The Central Bank of Nigeria has raised the Naira exchange rate for cargo clearance from N381/US$1 to N404.97/US$1.

This was confirmed by Uche Ejesieme, the Public Relations Officer (PRO), Tin Can Island Customs Command.

The PRO explained that it was not the customs job description to raise the foreign exchange rate but that of the central bank.

The N24 difference has been implemented on the customs system managed by Web Fontaine.

Commenting on the situation, Kayode Farinto, the Vice President of the Association of Nigerian Licensed Customs Agents, said the increase would further escalate inflation on import goods and hurt consumers’ buying power given the present economic situation.

An importer, Gboyega Adebari, who was shocked at the decision said stakeholders will be greatly affected by the decision.

According to him, “When we went to assess a job this morning, we were told that the exchange rate has been increased, though we have been expecting it, but we don’t expect that it would be so sudden.
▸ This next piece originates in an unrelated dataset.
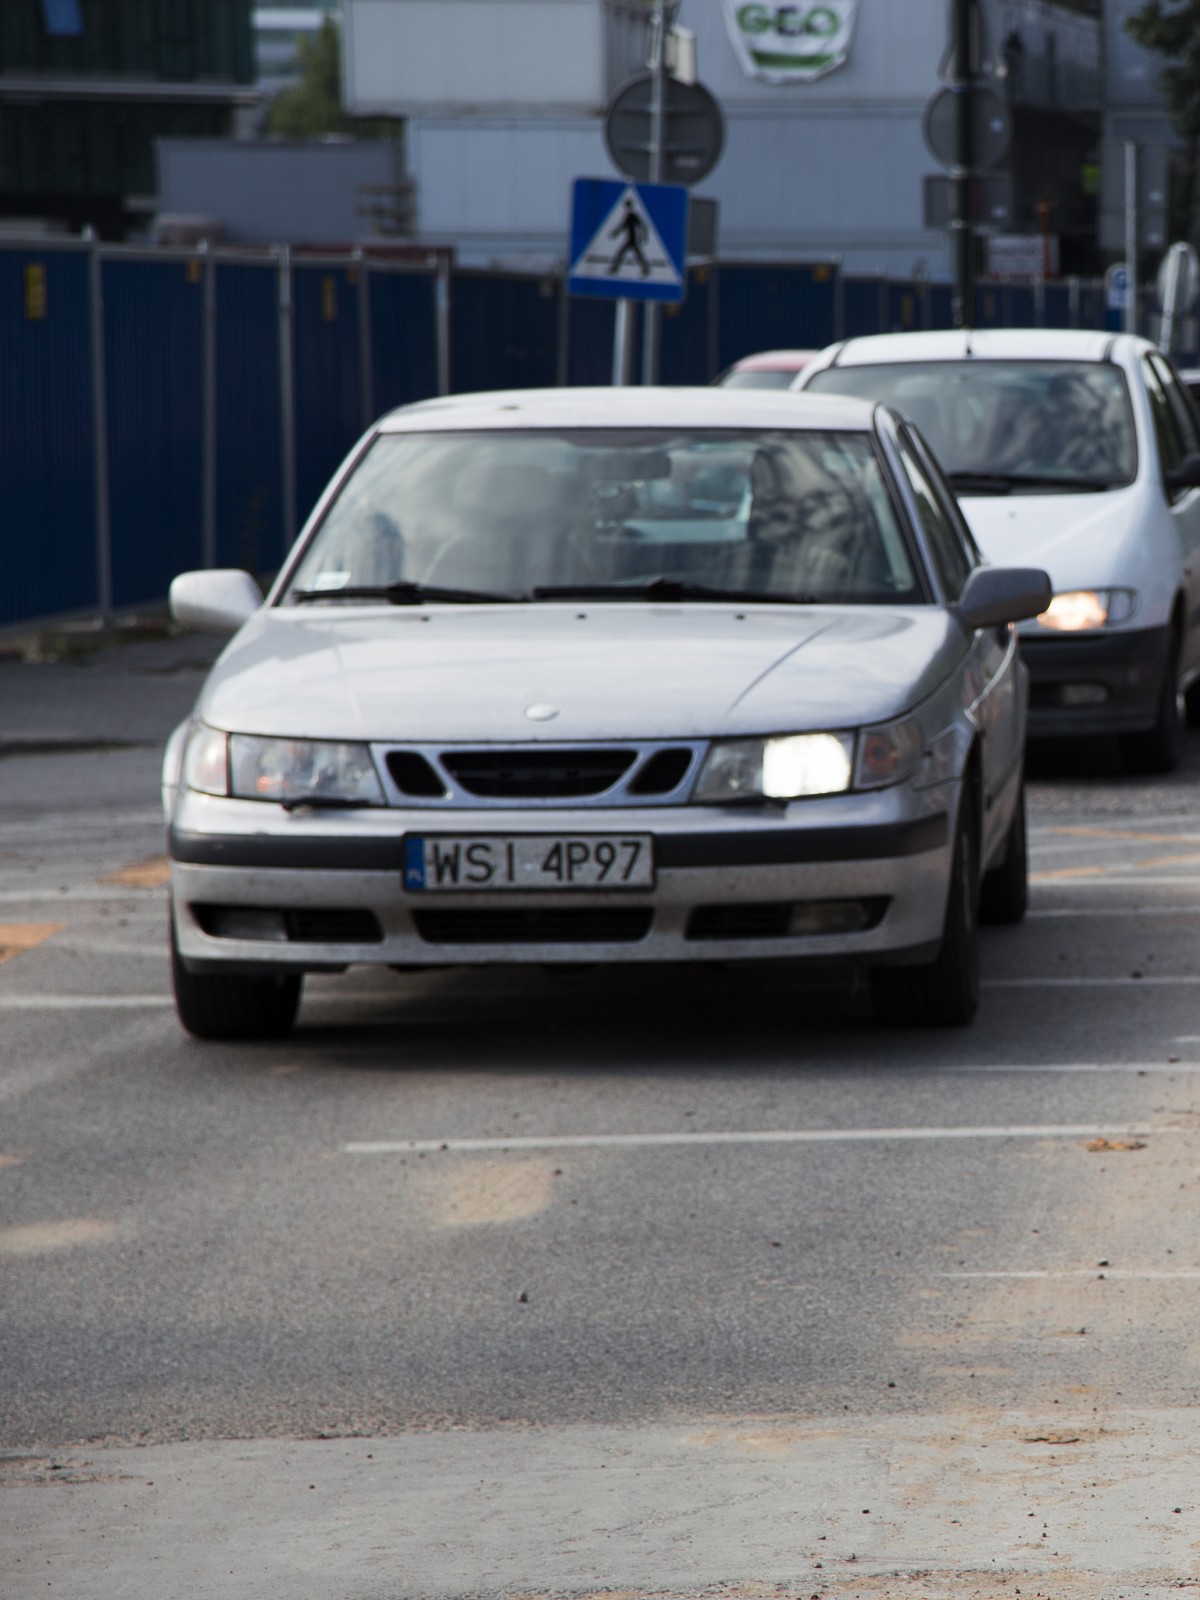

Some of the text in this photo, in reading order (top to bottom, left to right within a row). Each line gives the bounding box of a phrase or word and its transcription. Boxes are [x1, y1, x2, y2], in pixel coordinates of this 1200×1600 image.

[737, 3, 840, 37] GEO
[431, 841, 642, 883] WSI 4P97
The implication of this on cargo clearance is that cost of clearance would increase by N24 difference.

“The cargoes that already enroute Nigeria would also be affected, the jobs that we want to clear this morning were affected.

“When you go back to the importer and request for money, they will tell you there is no notification of increase from customs, so the freight forwarders are the ones that would bear the additional cost.”

Naira plunged to N502 against the United States Dollar at the parallel market on Wednesday and traded at N715 to a British Pound and N605 against the European common currency, Euro.